Effective surrender requirement and deadline
- Any person holding or possessing firearms or ammunitions without a permit or license must surrender them.
- The permit or license must have been previously issued by the Provost Marshal General of the Philippine Army.
- Surrender must be made to the Military Commander of the province or to the Chief of Police of the municipality where the holder or possessor resides.
- The surrender deadline is within thirty days from the date of the proclamation by the respective Provincial Governor of this Proclamation.
Policy and purpose of the directive
- The Proclamation recognizes that firearms were distributed among citizenry during wartime to bolster resistance against the Japanese invader, despite firearm and ammunition laws.
- The Proclamation states that the Government previously refrained from enforcing firearm and ammunition laws to protect inhabitants from Japanese stragglers.
- The Proclamation declares that Japan’s surrender ended hostilities in the Philippines and that the conditions justifying unlicensed possession ceased to exist.

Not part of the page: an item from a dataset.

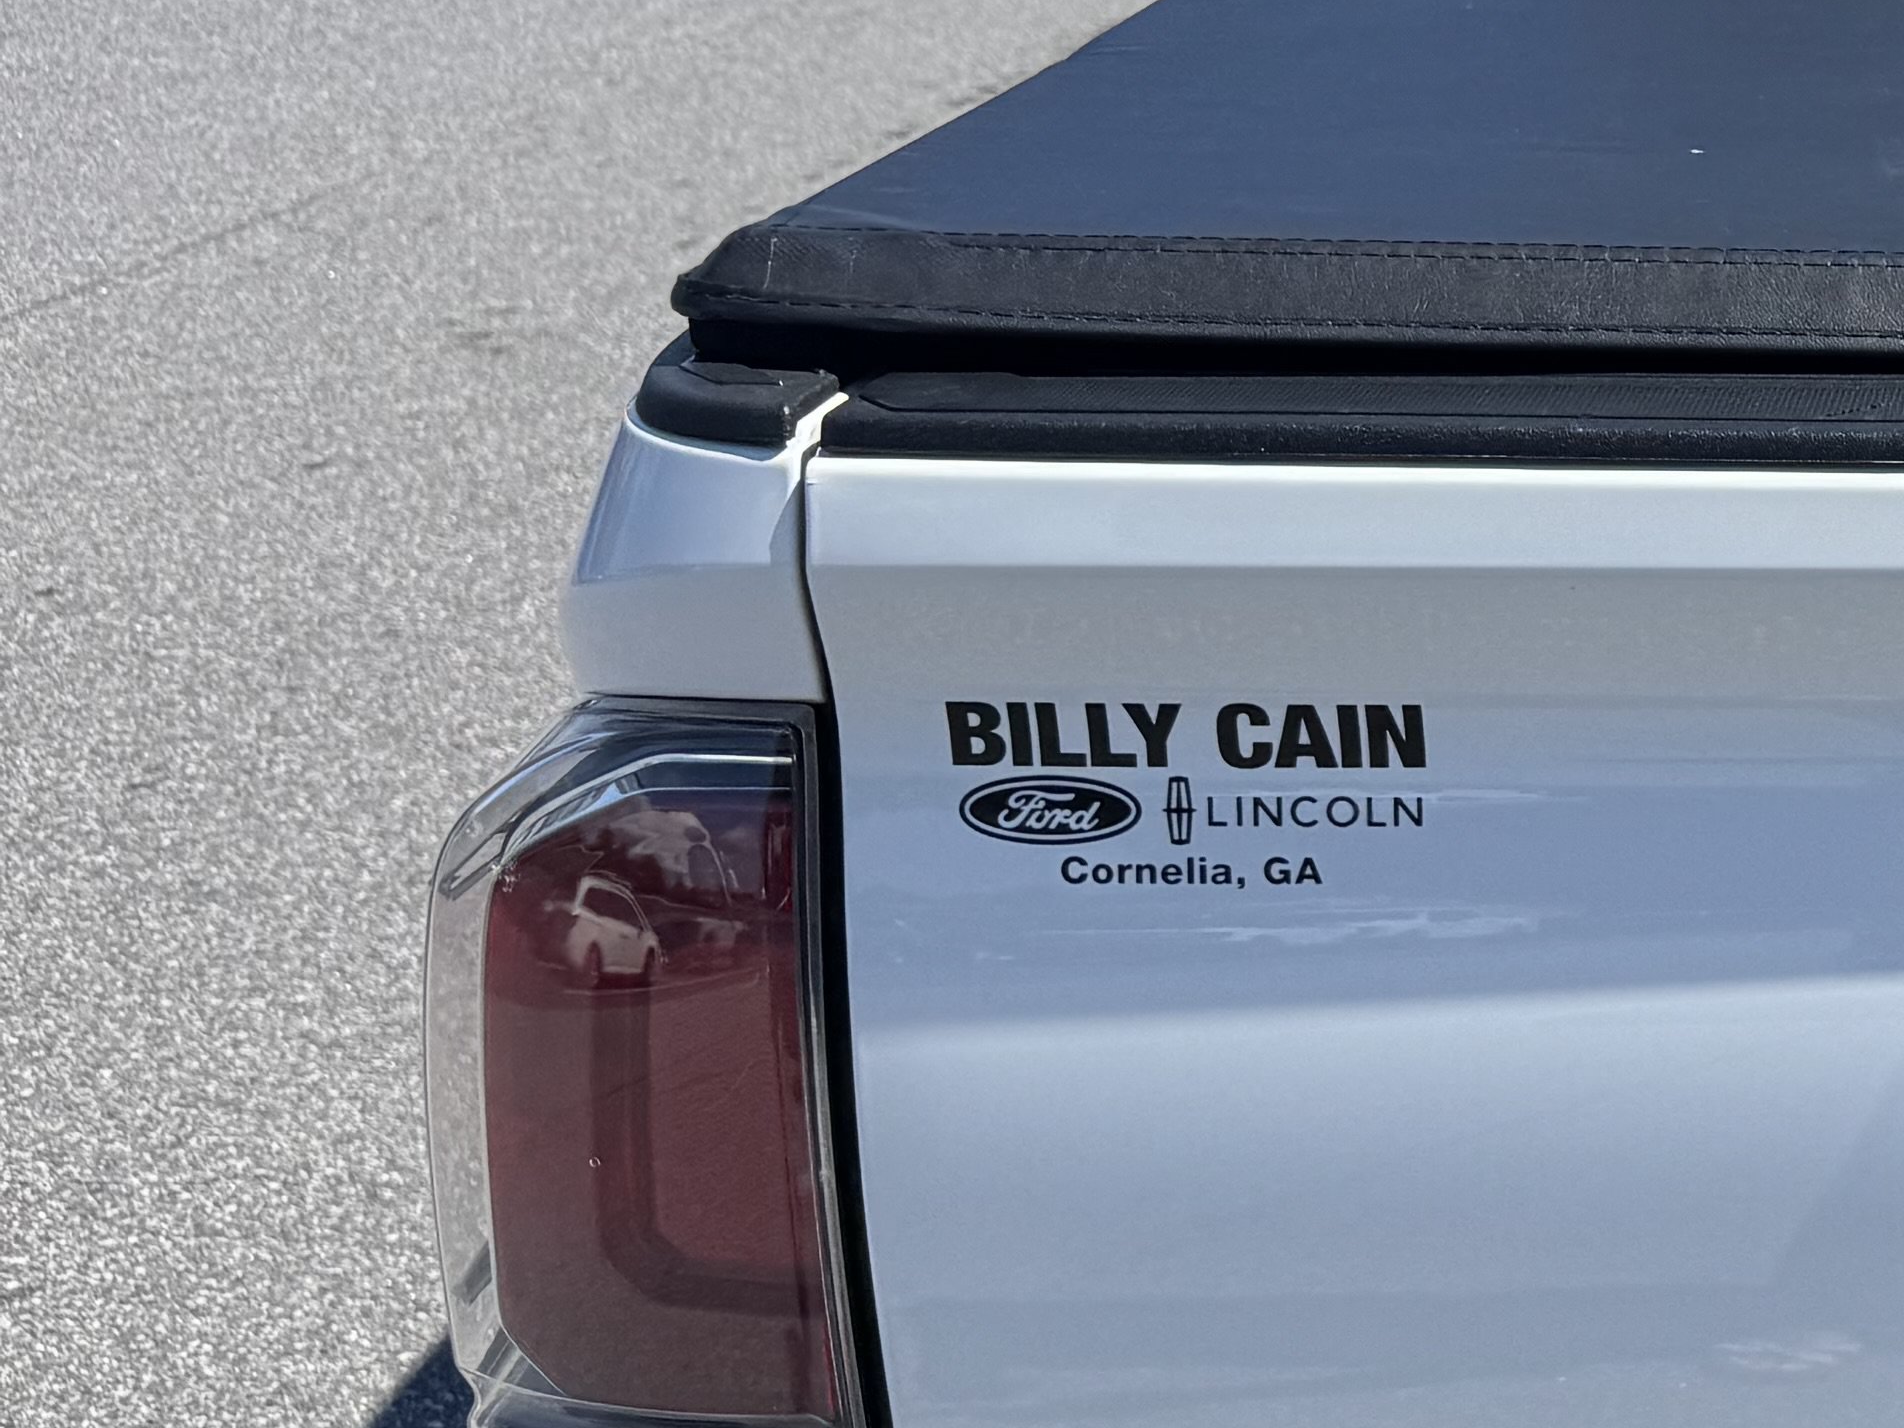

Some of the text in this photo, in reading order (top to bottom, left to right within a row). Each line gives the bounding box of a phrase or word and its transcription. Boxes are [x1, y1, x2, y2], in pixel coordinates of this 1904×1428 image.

[944, 700, 1427, 770] BILLY CAIN
[1206, 795, 1424, 828] LINCOLN
[1060, 855, 1324, 890] Cornelia, GA

- The Proclamation directs full observance and enforcement of the firearms and ammunitions law to restore normal conditions, constitutional governmental functions, and peace and order.
Scope: covered persons, items, and licensing baseline
- The surrender obligation applies to any person who holds or possesses covered items.
- The covered items are firearms and ammunitions.
- The exemption from the surrender obligation is tied to possession under a permit or license previously issued by the Provost Marshal General of the Philippine Army.
- The surrender obligation is triggered by possession without that permit or license.
Surrender procedure and receiving offices
- Surrender is required to the Military Commander of the province or the Chief of Police of the municipality of the person’s residence.
- The receiving office is determined by the person’s place of residence: province-level military command or municipality-level police command.
- The deadline runs from the local proclamation act by the Provincial Governor, not from September 26, 1945 alone.
Instruments, signatures, and issuance formalities
- The Proclamation bears the President’s signature of Sergio Osmeña.
- It is countersigned by Jose S. Reyes, Secretary to the President.
- The Proclamation is issued with the seal of the Commonwealth of the Philippines affixed.